Vorsichtig huschte sie durch das Gewirr glänzender brauner Stämme, Farn und Gestrüpp. Der Boden federte wie ein Schwamm unter ihren Füßen und dämpfte ihre Schritte fast zur Lautlosigkeit. Wachsam spähte sie in die Runde. Ihr Herzschlag hatte sich beschleunigt, jagte das Blut schneller durch die Adern, ließ ihre Schläfen pochen.
Zwei Minuten später blieb sie ruckartig stehen.
In einem Reflex glitt sie zur Seite und preßte sich gegen einen der mächtigen Baumstämme. Vor ihr, am Rand eines ausgedehnten Farnfeldes, bewegten sich glänzende Schatten. Die Goldenen! Sie bildeten einen weiten Halbkreis, und die Blicke ihrer geschlitzten Augen hingen an den beiden Männern am Boden.
Männer, um deren Körper sich armdicke grüne Schlangen wanden und sie hoffnungslos aneinander fesselten.
Deutlich erkannte Lara Kormaks blondes Haar und sein kantiges, gebräuntes Gesicht, ebenso deutlich die fahlweiße Haut und die zerfetzte Kleidung des Höhlenbewohners. Seine entsetzt aufgerissenen Augenwaren gerötet und tränten.

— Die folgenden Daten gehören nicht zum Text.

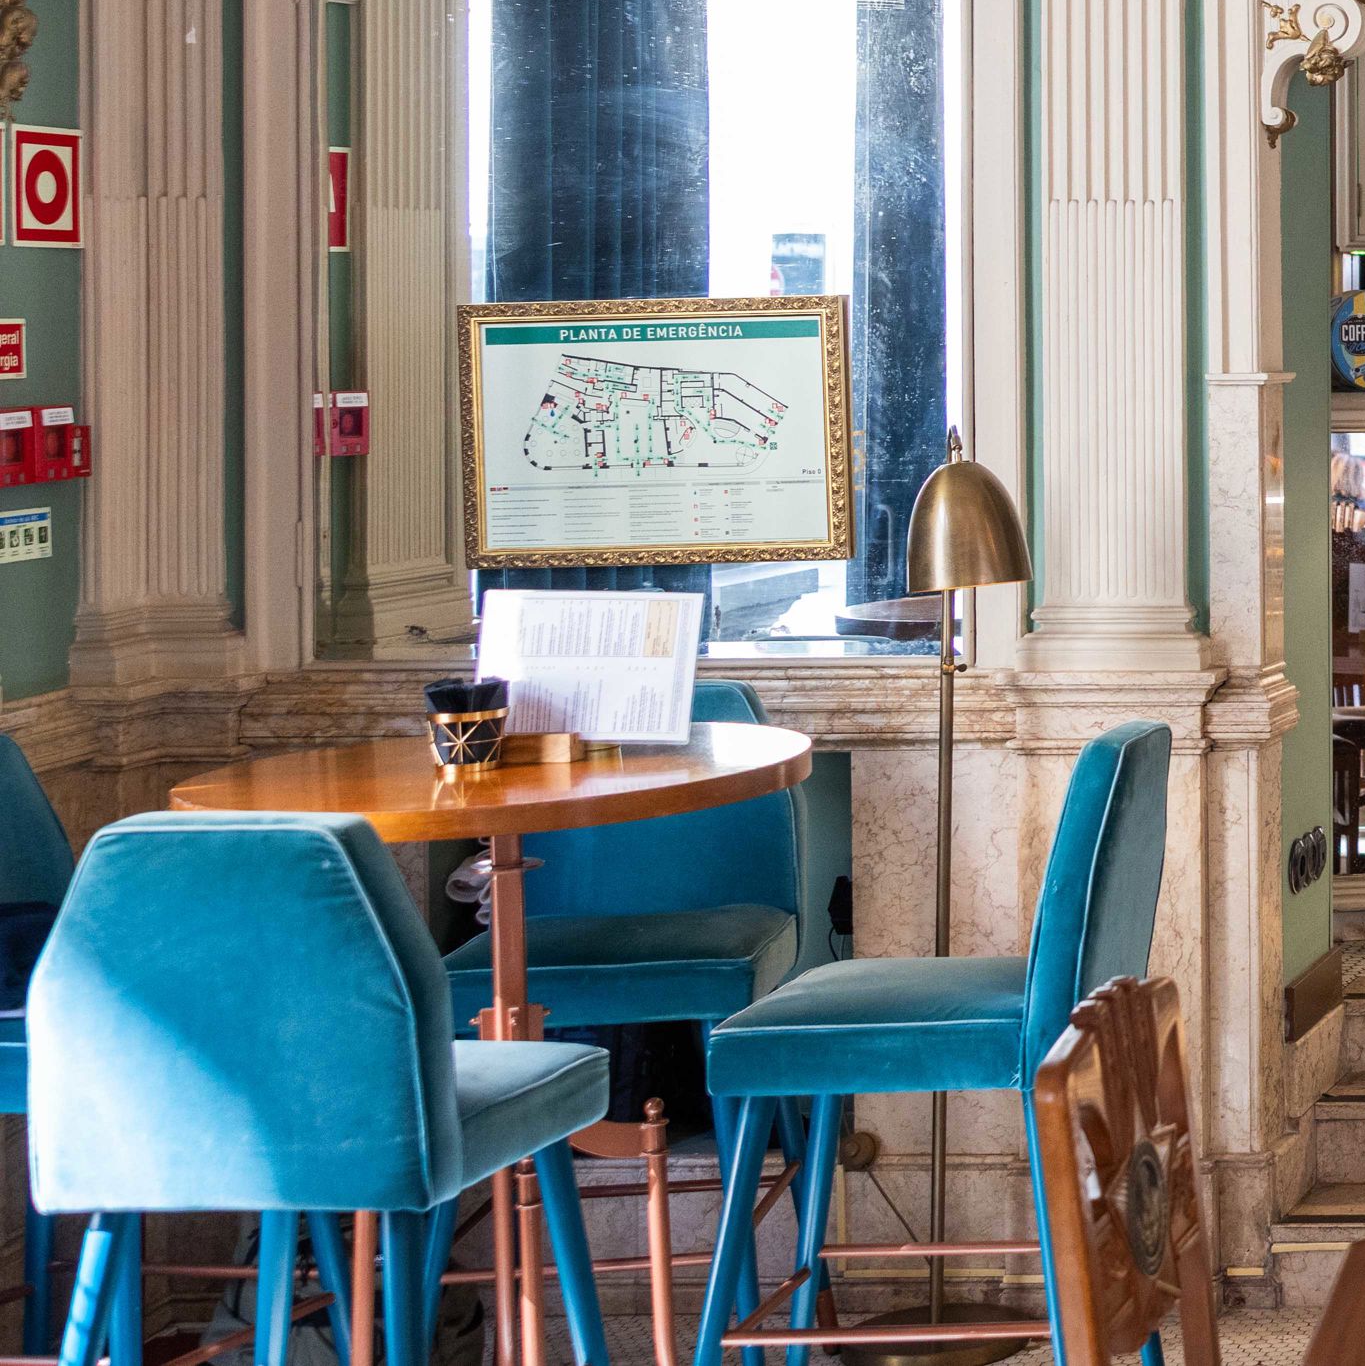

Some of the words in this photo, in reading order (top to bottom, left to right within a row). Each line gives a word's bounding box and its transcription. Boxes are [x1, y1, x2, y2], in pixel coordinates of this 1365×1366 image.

[560, 328, 618, 341] PLANTA
[622, 327, 641, 340] DE
[647, 324, 743, 339] EMERGÊNCIA

Ein Beweis mehr, daß er so gut wie nie die Sonne sah. Kormak hatte krampfhaft die Muskeln gespannt. Aber in seinen Zügen lag keine unbeherrschte Panik, sondern verbissene Wut, und er versuchte angestrengt und vergeblich, den Klammergriff der grünen Kreatur zu sprengen.
Eine eigentümliche Ungewißheit lag über der Szene, eine zitternde Spannung, die Lara spürte, ohne sie sich erklären zu können.
Zwei von den goldenen Gestalten hatten sich den Gefangenen genähert. Lara biß sich auf die Lippen, als sie die spitzen, wurfbereiten Metallpfeile sah. Sie konnte nichts tun. Nicht jetzt. Der Gedanke, die Waffe auf die fremden Wesen abzufeuern, die nicht einmal eine Warnung verstehen würden, verursachte ihr Übelkeit. Aber selbst wenn sie es getan hätte - die beiden, die sich jetzt über die Gefangenen beugten, konnte sie nicht treffen, ohne die Opfer selbst zu gefährden. Und wenn sie den Laserstrahl auf den Boden oder einen Baumstamm richtete, würde sie die Goldenen vielleicht vertreiben, vielleicht aber auch für Kormak, den Höhlenbewohner und sich selbst einen schnellen Tod heraufbeschwören.
Hilflos mußte sie zusehen, wie der Nordmann und der weißhaarige, weißhäutige Fremde hochgezerrt wurden.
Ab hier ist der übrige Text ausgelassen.